Required work → Take the entries below and print all of them exactly, please.
--- Entries shown ---
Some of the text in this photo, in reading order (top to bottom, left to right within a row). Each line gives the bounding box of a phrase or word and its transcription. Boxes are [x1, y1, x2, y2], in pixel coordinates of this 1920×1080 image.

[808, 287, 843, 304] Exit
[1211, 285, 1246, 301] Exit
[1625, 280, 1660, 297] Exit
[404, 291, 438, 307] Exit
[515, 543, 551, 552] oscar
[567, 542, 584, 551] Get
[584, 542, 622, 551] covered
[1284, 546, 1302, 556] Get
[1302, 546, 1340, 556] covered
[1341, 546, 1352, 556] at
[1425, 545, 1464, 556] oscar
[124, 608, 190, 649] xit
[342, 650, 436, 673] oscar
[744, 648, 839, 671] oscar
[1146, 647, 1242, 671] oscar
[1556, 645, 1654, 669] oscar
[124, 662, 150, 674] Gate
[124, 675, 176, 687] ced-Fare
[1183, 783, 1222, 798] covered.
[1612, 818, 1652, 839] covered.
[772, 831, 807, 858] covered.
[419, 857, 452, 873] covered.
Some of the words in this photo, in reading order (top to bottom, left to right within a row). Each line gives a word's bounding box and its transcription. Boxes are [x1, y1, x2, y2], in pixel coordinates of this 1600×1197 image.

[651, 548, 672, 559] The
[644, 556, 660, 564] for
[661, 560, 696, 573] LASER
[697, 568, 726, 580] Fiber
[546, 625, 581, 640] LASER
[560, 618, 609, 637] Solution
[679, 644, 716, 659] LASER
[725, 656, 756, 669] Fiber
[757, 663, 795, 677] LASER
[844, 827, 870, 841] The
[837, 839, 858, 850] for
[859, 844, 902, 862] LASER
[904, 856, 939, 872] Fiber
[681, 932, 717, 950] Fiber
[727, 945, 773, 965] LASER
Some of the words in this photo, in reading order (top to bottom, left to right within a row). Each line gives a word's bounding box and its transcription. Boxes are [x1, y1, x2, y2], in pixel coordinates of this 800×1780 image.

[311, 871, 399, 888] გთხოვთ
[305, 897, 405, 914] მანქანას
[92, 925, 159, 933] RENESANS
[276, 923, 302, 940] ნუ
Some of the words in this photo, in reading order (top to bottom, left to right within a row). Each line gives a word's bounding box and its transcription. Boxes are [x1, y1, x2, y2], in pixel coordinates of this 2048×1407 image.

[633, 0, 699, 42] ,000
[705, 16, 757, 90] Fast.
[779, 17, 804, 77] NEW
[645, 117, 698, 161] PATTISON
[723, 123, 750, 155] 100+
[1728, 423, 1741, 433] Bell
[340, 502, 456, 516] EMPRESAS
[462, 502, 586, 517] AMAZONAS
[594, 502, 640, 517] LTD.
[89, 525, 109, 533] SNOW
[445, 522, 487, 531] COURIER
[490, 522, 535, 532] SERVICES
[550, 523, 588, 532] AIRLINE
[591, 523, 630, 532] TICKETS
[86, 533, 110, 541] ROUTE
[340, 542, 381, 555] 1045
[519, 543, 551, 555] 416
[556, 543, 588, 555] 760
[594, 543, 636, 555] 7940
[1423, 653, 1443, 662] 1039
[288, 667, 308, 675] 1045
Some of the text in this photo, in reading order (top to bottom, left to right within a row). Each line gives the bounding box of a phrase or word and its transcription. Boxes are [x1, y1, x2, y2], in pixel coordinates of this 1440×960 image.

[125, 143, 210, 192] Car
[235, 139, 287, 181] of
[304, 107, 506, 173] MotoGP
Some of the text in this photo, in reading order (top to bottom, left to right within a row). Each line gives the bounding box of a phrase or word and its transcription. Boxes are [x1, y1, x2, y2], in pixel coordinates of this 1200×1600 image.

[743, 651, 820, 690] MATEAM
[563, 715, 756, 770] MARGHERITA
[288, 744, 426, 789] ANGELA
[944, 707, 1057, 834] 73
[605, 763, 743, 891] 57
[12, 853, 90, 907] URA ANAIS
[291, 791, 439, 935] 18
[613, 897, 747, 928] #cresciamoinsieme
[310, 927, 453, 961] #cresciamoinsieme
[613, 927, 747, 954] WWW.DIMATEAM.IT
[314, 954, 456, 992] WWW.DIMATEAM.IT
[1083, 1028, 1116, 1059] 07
---
Response to this task →
Some of the text in this photo, in reading order (top to bottom, left to right within a row). Each line gives the bounding box of a phrase or word and its transcription. Boxes are [x1, y1, x2, y2], in pixel coordinates of this 1920×1080 image.

[808, 287, 843, 304] Exit
[1211, 285, 1246, 301] Exit
[1625, 280, 1660, 297] Exit
[404, 291, 438, 307] Exit
[515, 543, 551, 552] oscar
[567, 542, 584, 551] Get
[584, 542, 622, 551] covered
[1284, 546, 1302, 556] Get
[1302, 546, 1340, 556] covered
[1341, 546, 1352, 556] at
[1425, 545, 1464, 556] oscar
[124, 608, 190, 649] xit
[342, 650, 436, 673] oscar
[744, 648, 839, 671] oscar
[1146, 647, 1242, 671] oscar
[1556, 645, 1654, 669] oscar
[124, 662, 150, 674] Gate
[124, 675, 176, 687] ced-Fare
[1183, 783, 1222, 798] covered.
[1612, 818, 1652, 839] covered.
[772, 831, 807, 858] covered.
[419, 857, 452, 873] covered.
Some of the words in this photo, in reading order (top to bottom, left to right within a row). Each line gives a word's bounding box and its transcription. Boxes are [x1, y1, x2, y2], in pixel coordinates of this 1600×1197 image.

[651, 548, 672, 559] The
[644, 556, 660, 564] for
[661, 560, 696, 573] LASER
[697, 568, 726, 580] Fiber
[546, 625, 581, 640] LASER
[560, 618, 609, 637] Solution
[679, 644, 716, 659] LASER
[725, 656, 756, 669] Fiber
[757, 663, 795, 677] LASER
[844, 827, 870, 841] The
[837, 839, 858, 850] for
[859, 844, 902, 862] LASER
[904, 856, 939, 872] Fiber
[681, 932, 717, 950] Fiber
[727, 945, 773, 965] LASER
Some of the words in this photo, in reading order (top to bottom, left to right within a row). Each line gives a word's bounding box and its transcription. Boxes are [x1, y1, x2, y2], in pixel coordinates of this 800×1780 image.

[311, 871, 399, 888] გთხოვთ
[305, 897, 405, 914] მანქანას
[92, 925, 159, 933] RENESANS
[276, 923, 302, 940] ნუ
Some of the words in this photo, in reading order (top to bottom, left to right within a row). Each line gives a word's bounding box and its transcription. Boxes are [x1, y1, x2, y2], in pixel coordinates of this 2048×1407 image.

[633, 0, 699, 42] ,000
[705, 16, 757, 90] Fast.
[779, 17, 804, 77] NEW
[645, 117, 698, 161] PATTISON
[723, 123, 750, 155] 100+
[1728, 423, 1741, 433] Bell
[340, 502, 456, 516] EMPRESAS
[462, 502, 586, 517] AMAZONAS
[594, 502, 640, 517] LTD.
[89, 525, 109, 533] SNOW
[445, 522, 487, 531] COURIER
[490, 522, 535, 532] SERVICES
[550, 523, 588, 532] AIRLINE
[591, 523, 630, 532] TICKETS
[86, 533, 110, 541] ROUTE
[340, 542, 381, 555] 1045
[519, 543, 551, 555] 416
[556, 543, 588, 555] 760
[594, 543, 636, 555] 7940
[1423, 653, 1443, 662] 1039
[288, 667, 308, 675] 1045
Some of the text in this photo, in reading order (top to bottom, left to right within a row). Each line gives the bounding box of a phrase or word and its transcription. Boxes are [x1, y1, x2, y2], in pixel coordinates of this 1440×960 image.

[125, 143, 210, 192] Car
[235, 139, 287, 181] of
[304, 107, 506, 173] MotoGP
Some of the text in this photo, in reading order (top to bottom, left to right within a row). Each line gives the bounding box of a phrase or word and its transcription. Boxes are [x1, y1, x2, y2], in pixel coordinates of this 1200×1600 image.

[743, 651, 820, 690] MATEAM
[563, 715, 756, 770] MARGHERITA
[288, 744, 426, 789] ANGELA
[944, 707, 1057, 834] 73
[605, 763, 743, 891] 57
[12, 853, 90, 907] URA ANAIS
[291, 791, 439, 935] 18
[613, 897, 747, 928] #cresciamoinsieme
[310, 927, 453, 961] #cresciamoinsieme
[613, 927, 747, 954] WWW.DIMATEAM.IT
[314, 954, 456, 992] WWW.DIMATEAM.IT
[1083, 1028, 1116, 1059] 07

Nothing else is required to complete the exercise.